Your answer should be the records, copied exactly, with the pictures removed.

Working data START

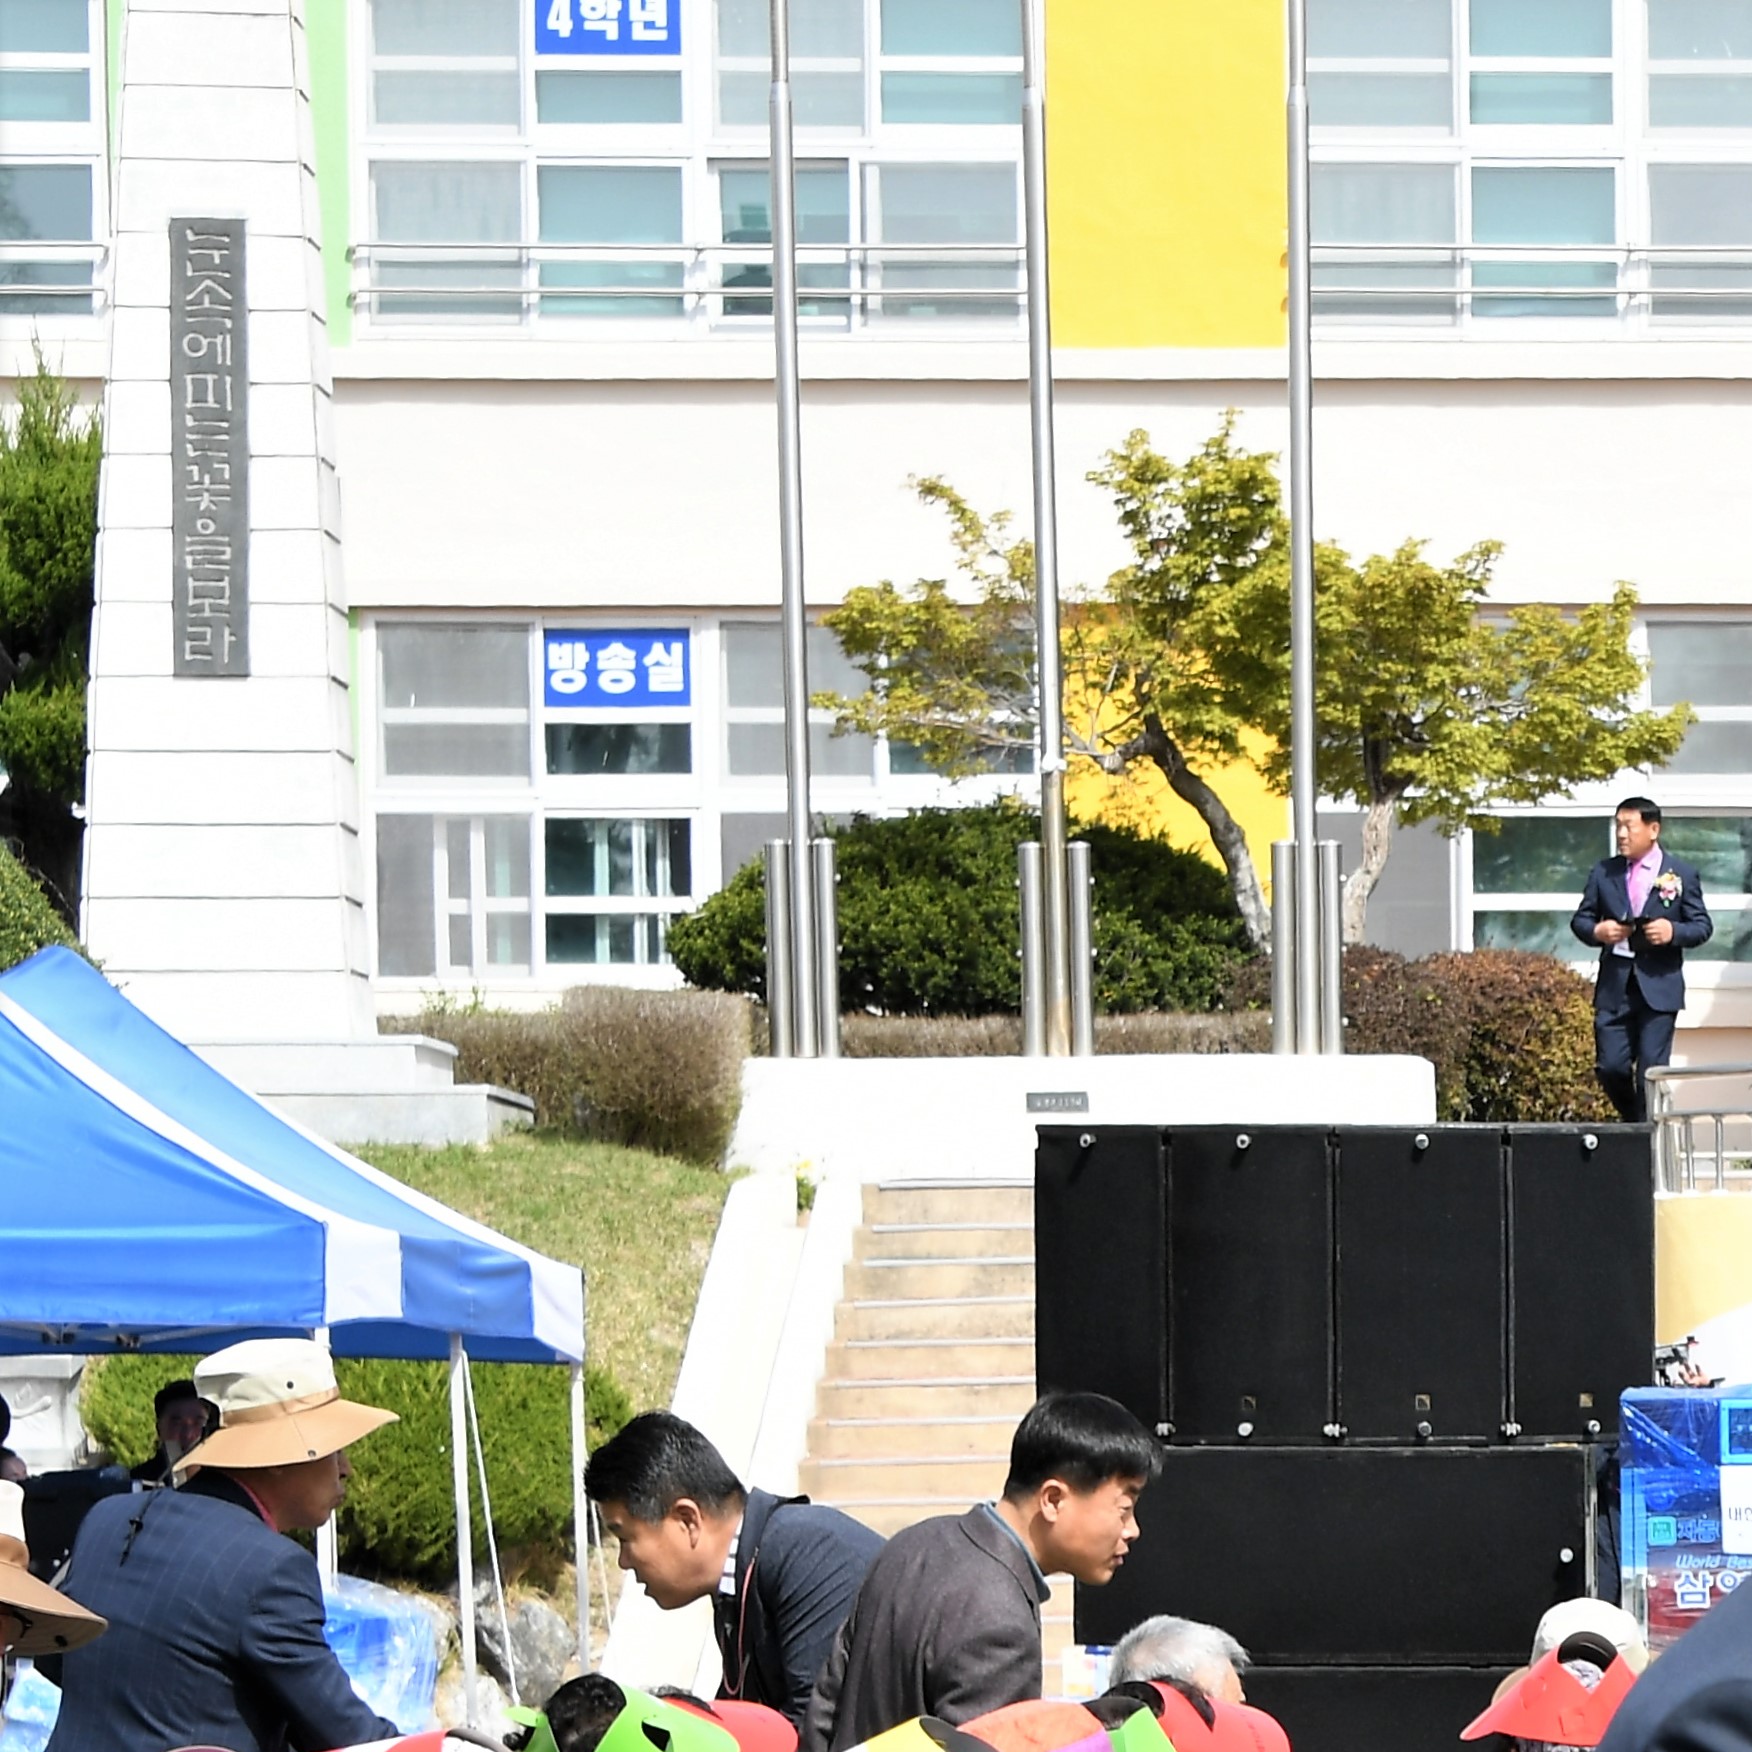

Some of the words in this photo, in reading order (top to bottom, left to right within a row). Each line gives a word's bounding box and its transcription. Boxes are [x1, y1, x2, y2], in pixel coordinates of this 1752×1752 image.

[547, 0, 668, 41] 4학년
[548, 642, 684, 694] 방송실
[1676, 1554, 1721, 1569] World
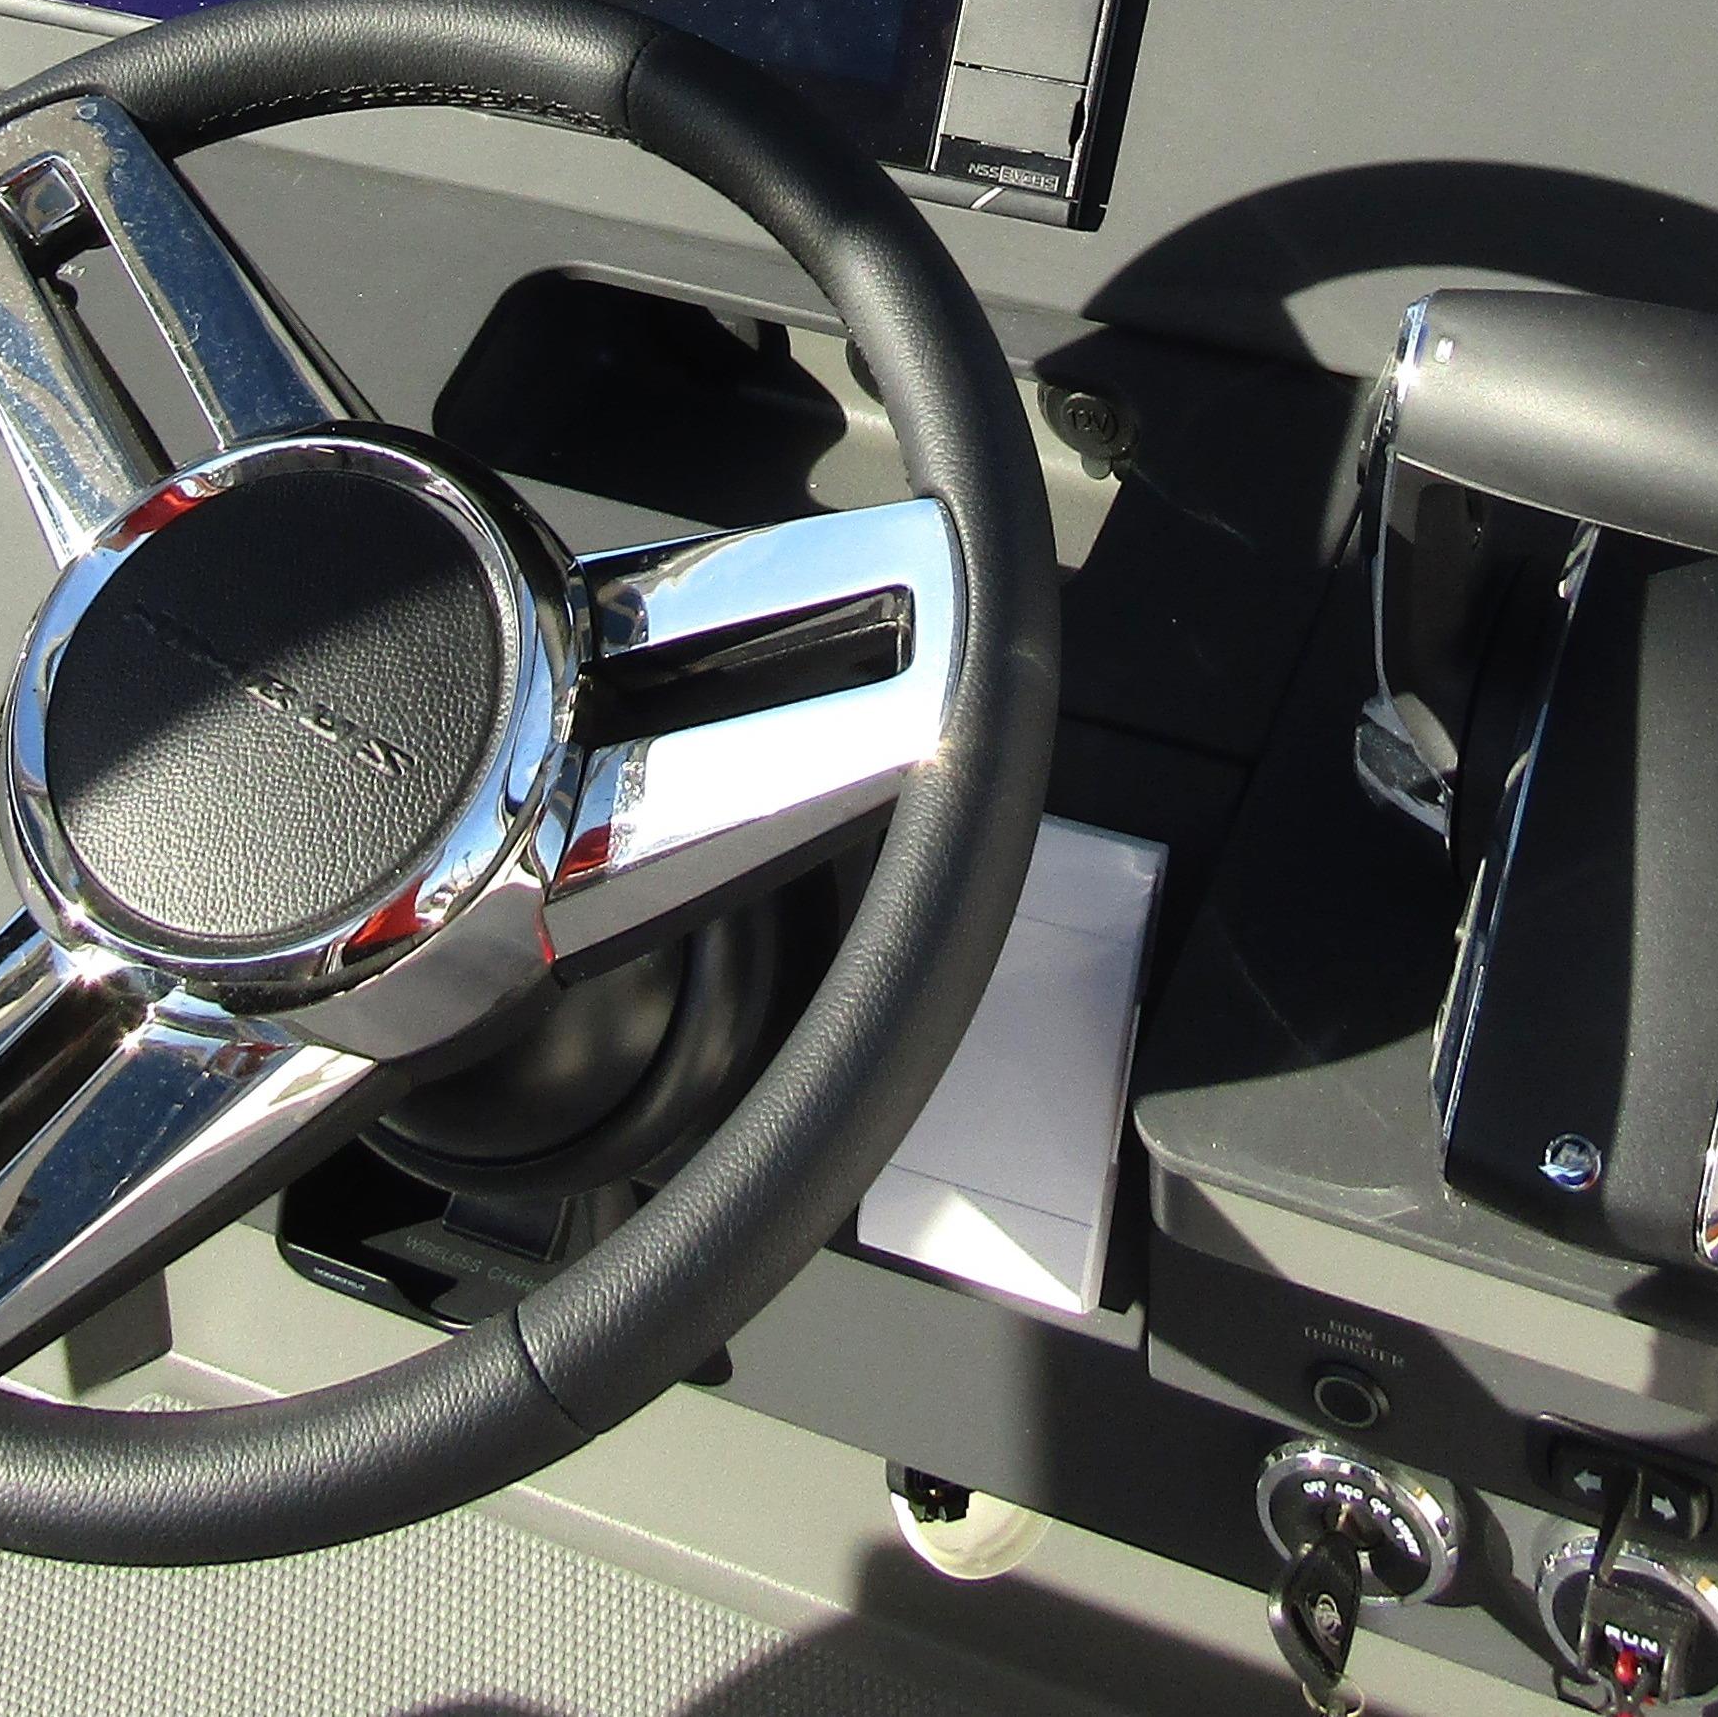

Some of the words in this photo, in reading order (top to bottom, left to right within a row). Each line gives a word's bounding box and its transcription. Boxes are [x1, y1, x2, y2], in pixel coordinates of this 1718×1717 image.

[968, 160, 1000, 181] NSS
[1303, 1325, 1405, 1371] THRUSTER
[1604, 1622, 1660, 1656] RUN

Working data END

■ Response to the exercise ■
Some of the words in this photo, in reading order (top to bottom, left to right within a row). Each line gives a word's bounding box and its transcription. Boxes are [x1, y1, x2, y2], in pixel coordinates of this 1752×1752 image.

[547, 0, 668, 41] 4학년
[548, 642, 684, 694] 방송실
[1676, 1554, 1721, 1569] World

Some of the words in this photo, in reading order (top to bottom, left to right within a row). Each line gives a word's bounding box and its transcription. Boxes are [x1, y1, x2, y2], in pixel coordinates of this 1718×1717 image.

[968, 160, 1000, 181] NSS
[1303, 1325, 1405, 1371] THRUSTER
[1604, 1622, 1660, 1656] RUN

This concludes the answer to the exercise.